The committee for the ISR experimental programme – the ISRC – started its work in early 1969, with the collider start-up planned for mid-1971. Two major lines of experimental programmes emerged: “survey experiments” would aim to understand known features (in effect, the Standard Model of the time) in the new energy regime, while other experiments would aim at discoveries. This was surprisingly similar to the strategy 40 years later for the LHC. But in reality the two approaches are worlds apart.

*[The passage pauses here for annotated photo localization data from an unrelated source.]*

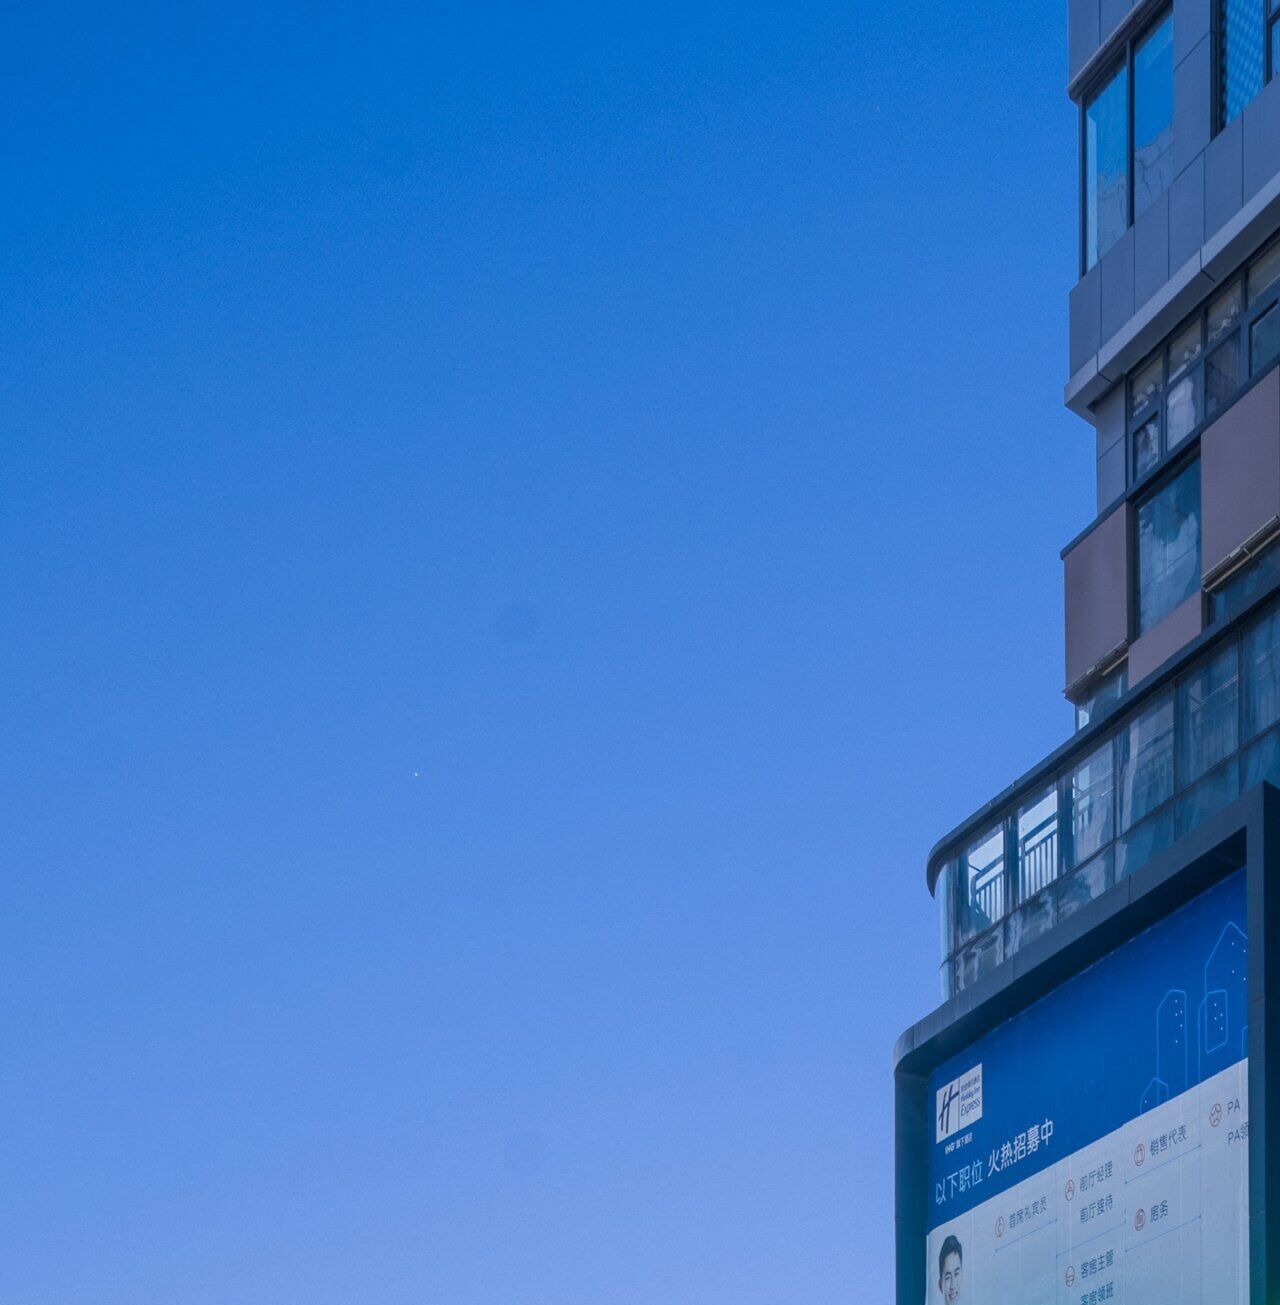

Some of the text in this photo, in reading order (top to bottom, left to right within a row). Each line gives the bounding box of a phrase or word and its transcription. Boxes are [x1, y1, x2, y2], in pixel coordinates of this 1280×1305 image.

[1228, 1099, 1240, 1115] PA
[1150, 1125, 1187, 1156] 销售代表
[936, 1118, 1054, 1205] 以下职位 火热招募中
[1080, 1160, 1113, 1192] 前厅经理
[1080, 1194, 1113, 1223] 前厅接待
[1150, 1200, 1168, 1222] 房务
[1080, 1250, 1114, 1279] 客房主管

Hadronic physics in the late 1960s was couched in terms of thermodynamical models and Regge poles. The elements of today’s Standard Model were just starting to take shape; the intermediate vector bosons (W+, W– and W0, as the Z0 was called then) were thought to have masses in the range of a few giga-electron-volts. The incipient revolution that was to establish the Standard Model was accompanied by another revolution in experimentation. Georges Charpak and collaborators had demonstrated the concept of the multiwire proportional chamber (MWPC) just one year earlier, propelling the community from a photographic-analogue into the digital age with his stroke of genius. Nor should the sociological factor be forgotten: small groups, beam exposures of a few days to a few weeks, as well as quick and easy access to the experimental apparatuses – all characterized the style of experimentation of the time.

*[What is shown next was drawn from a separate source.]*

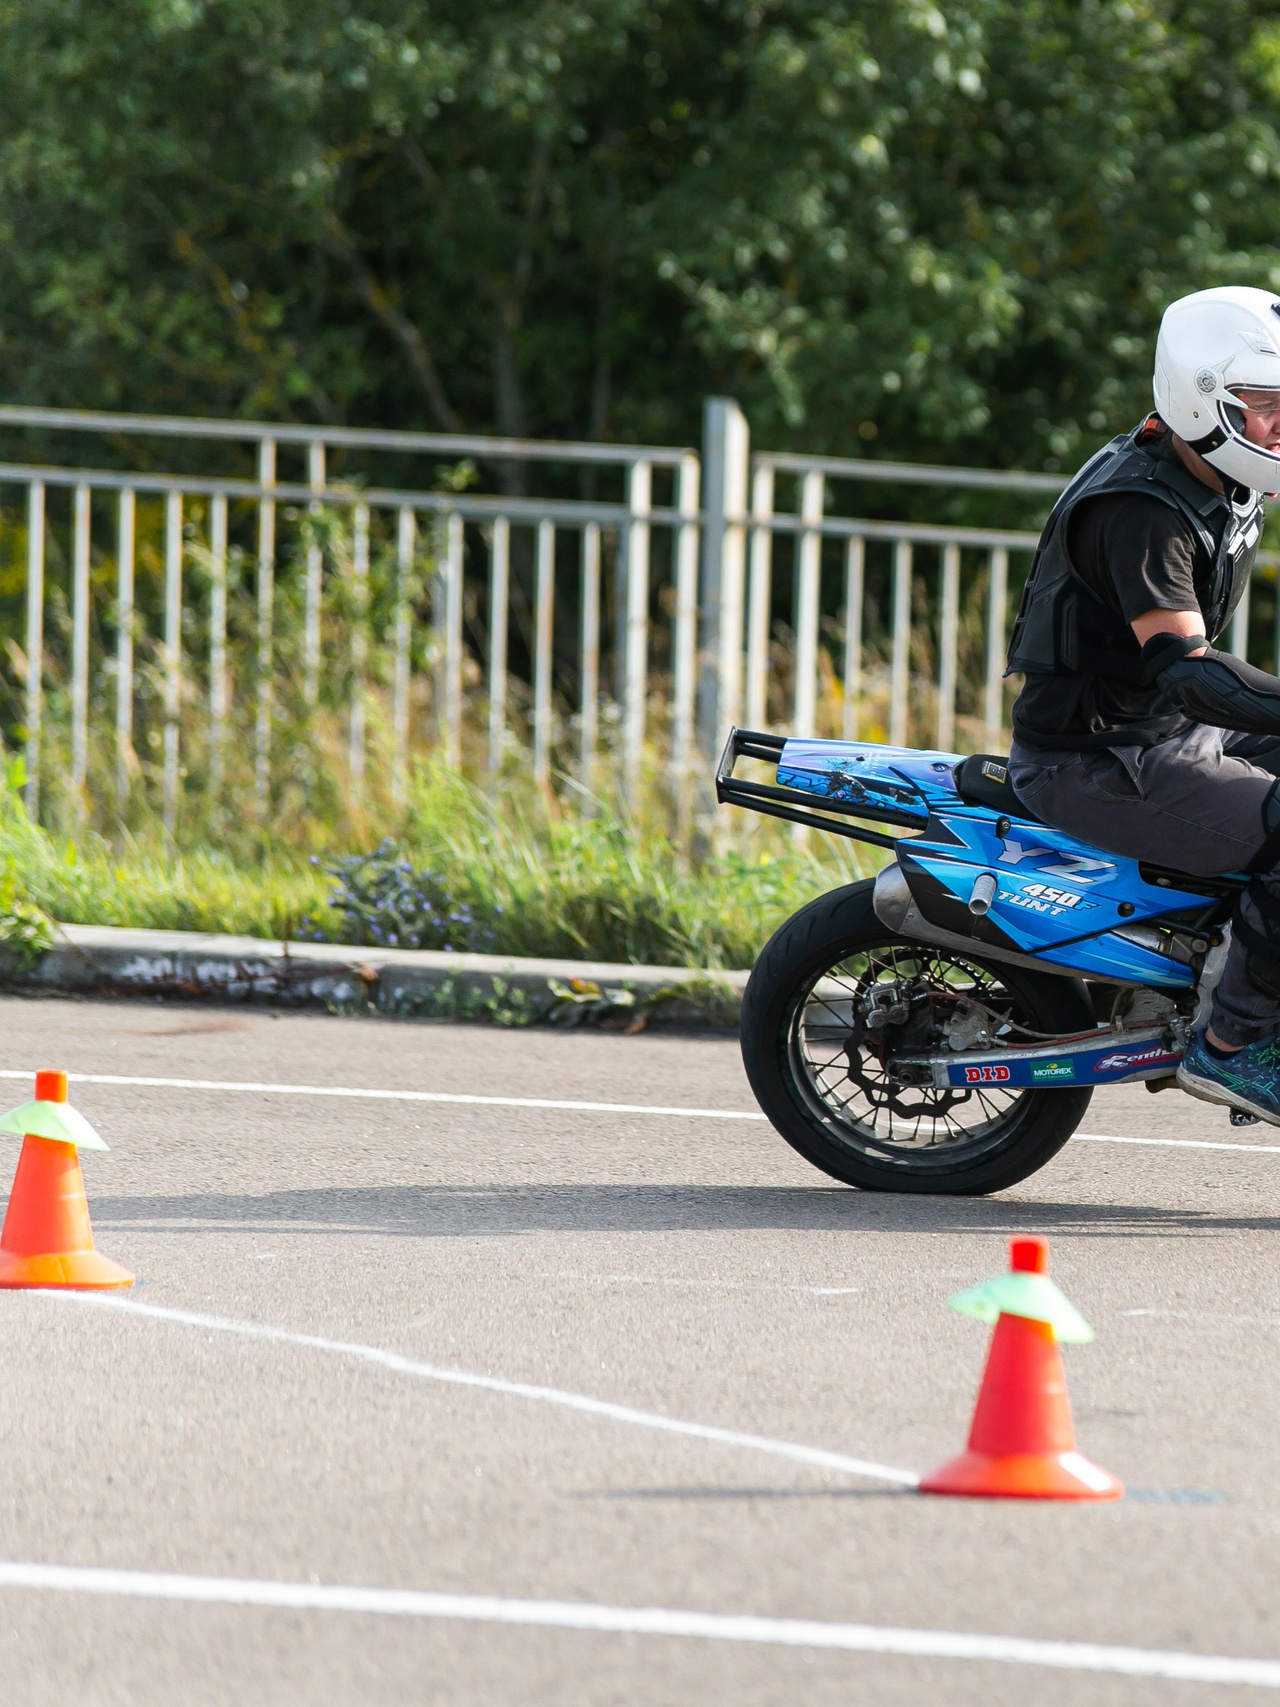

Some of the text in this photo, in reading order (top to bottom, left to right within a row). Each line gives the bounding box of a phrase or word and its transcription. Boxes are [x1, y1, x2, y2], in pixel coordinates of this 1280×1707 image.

[997, 838, 1116, 884] YZ
[996, 890, 1068, 916] TUNT
[1098, 1048, 1174, 1070] Renth
[1033, 1067, 1073, 1076] MOTOREX

These three elements – limited physics understanding, collaboration sociology and old and new experimental methods – put their stamp on the early programme. From today’s perspective, particle physics was at the dawn of a “New Age”. I will show how experimentation at the ISR contributed to the “New Enlightenment”.
1971–1974: the ‘brilliant, early phase’
Maurice Jacob, arguably one of the most influential guiding lights of the ISR programme, called this first period the “brilliant, early phase”, in reference to its rich physics harvest (Jacob 1983). The lasting contributions include: the observation of the rising total-cross section; measurements of elastic scattering; inclusive particle production and evidence for scaling; observation of high-pT production; and the non-observation of free quarks. Several experimental issues of the period deserve particular mention.

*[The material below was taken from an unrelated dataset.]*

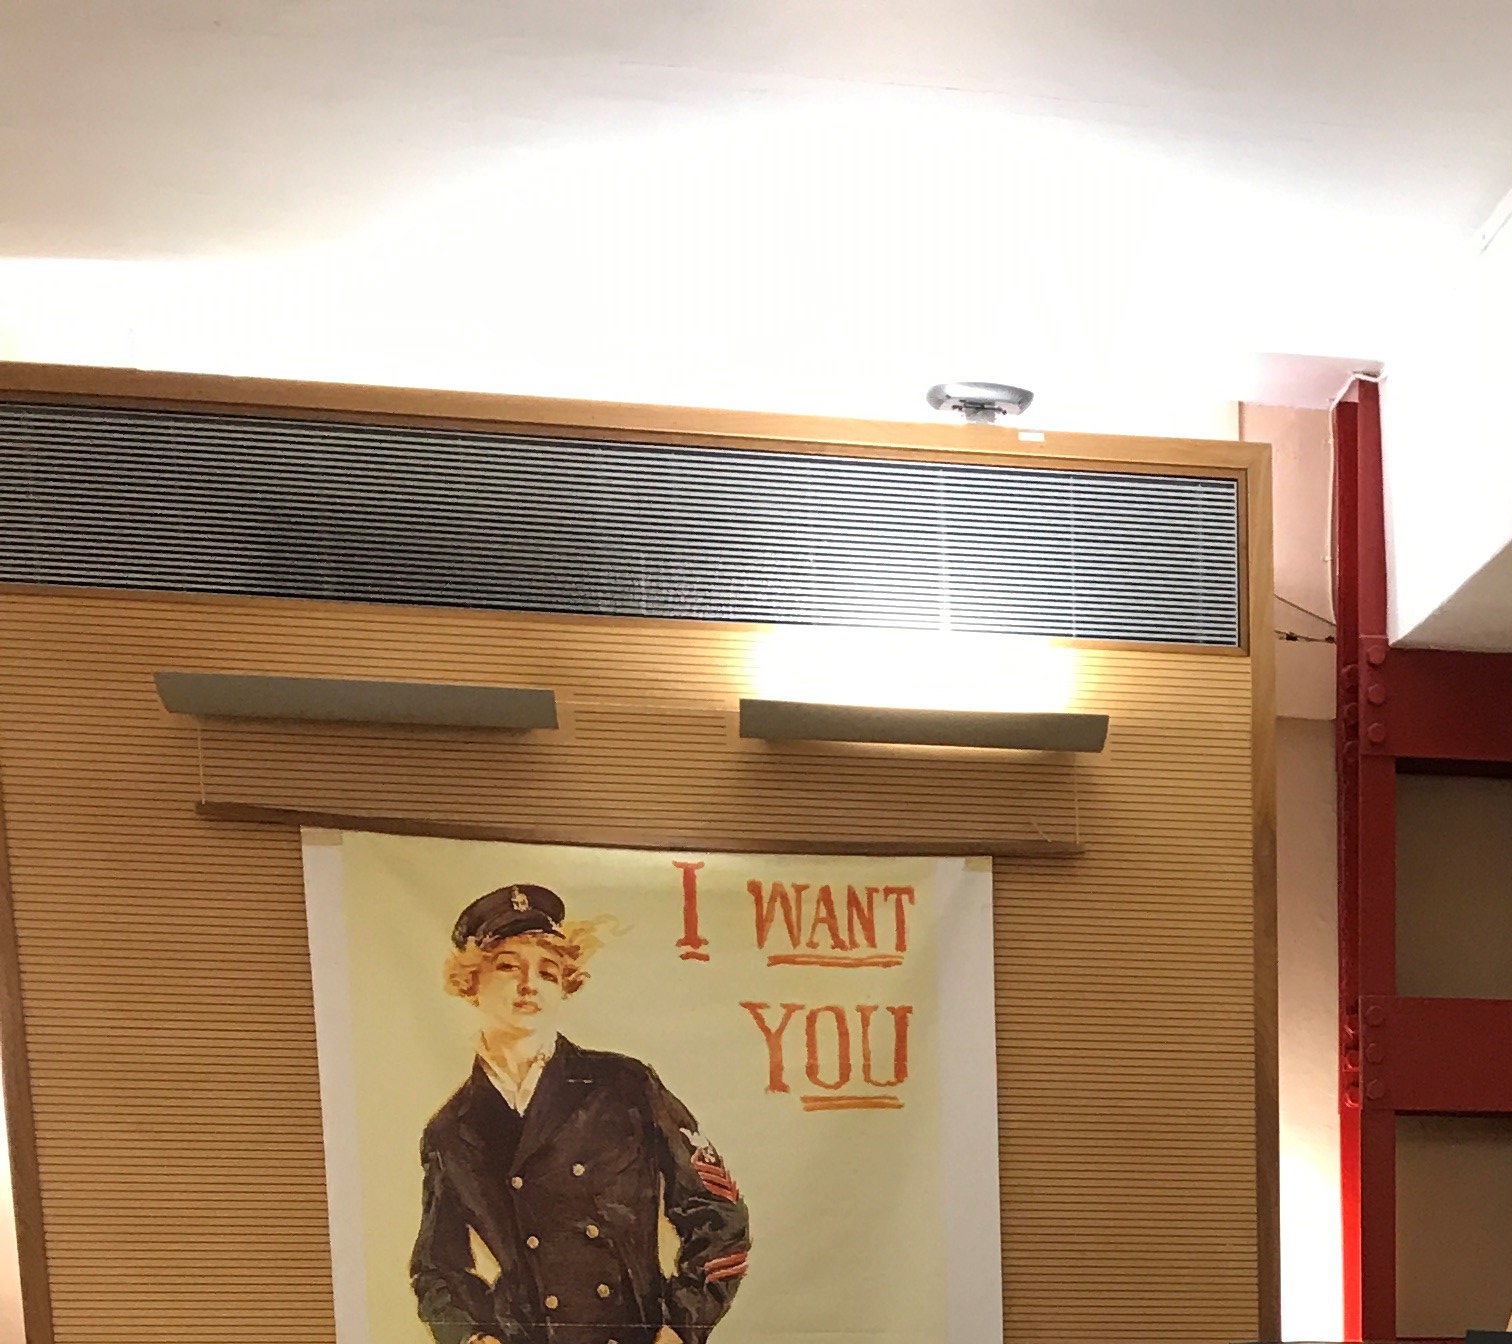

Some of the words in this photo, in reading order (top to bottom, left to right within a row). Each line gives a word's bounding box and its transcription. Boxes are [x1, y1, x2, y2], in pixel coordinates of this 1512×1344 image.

[672, 861, 710, 949] I
[747, 880, 917, 953] WANT
[739, 1000, 914, 1093] YOU

The experimental approach matched the “survey” character of this first period. The ISR machine allowed tempting flexibility, with operation at three – later four – collider and asymmetric beam energies. Requests for low- or high-luminosity running and special beam conditions could all be accommodated. A rapid switch-over from one experimental set-up to another at the same interaction point was also one of the guiding design principles. Notwithstanding this survey character, this early period saw several imaginative contributions to experimentation – some with a lasting influence.
The devices known today as “Roman pots” were invented at the ISR with the aim to place detectors close to the circulating beams, which was a requirement for elastic-scattering experiments in the Coulomb interference region. During beam injection and set up these detectors had to be protected from high radiation doses by retracting them into a “stand-by” position. The CERN-Rome group (R601, for experiment 1 at intersection 6 (I6)) in collaboration with the world-famous ISR Vacuum group developed the solution: the detectors were housed in “pots” made from thin stainless-steel sheets, which could be remotely moved into stand-by mode or one of several operating positions. This technique has been used at every hadron collider since, including at the LHC.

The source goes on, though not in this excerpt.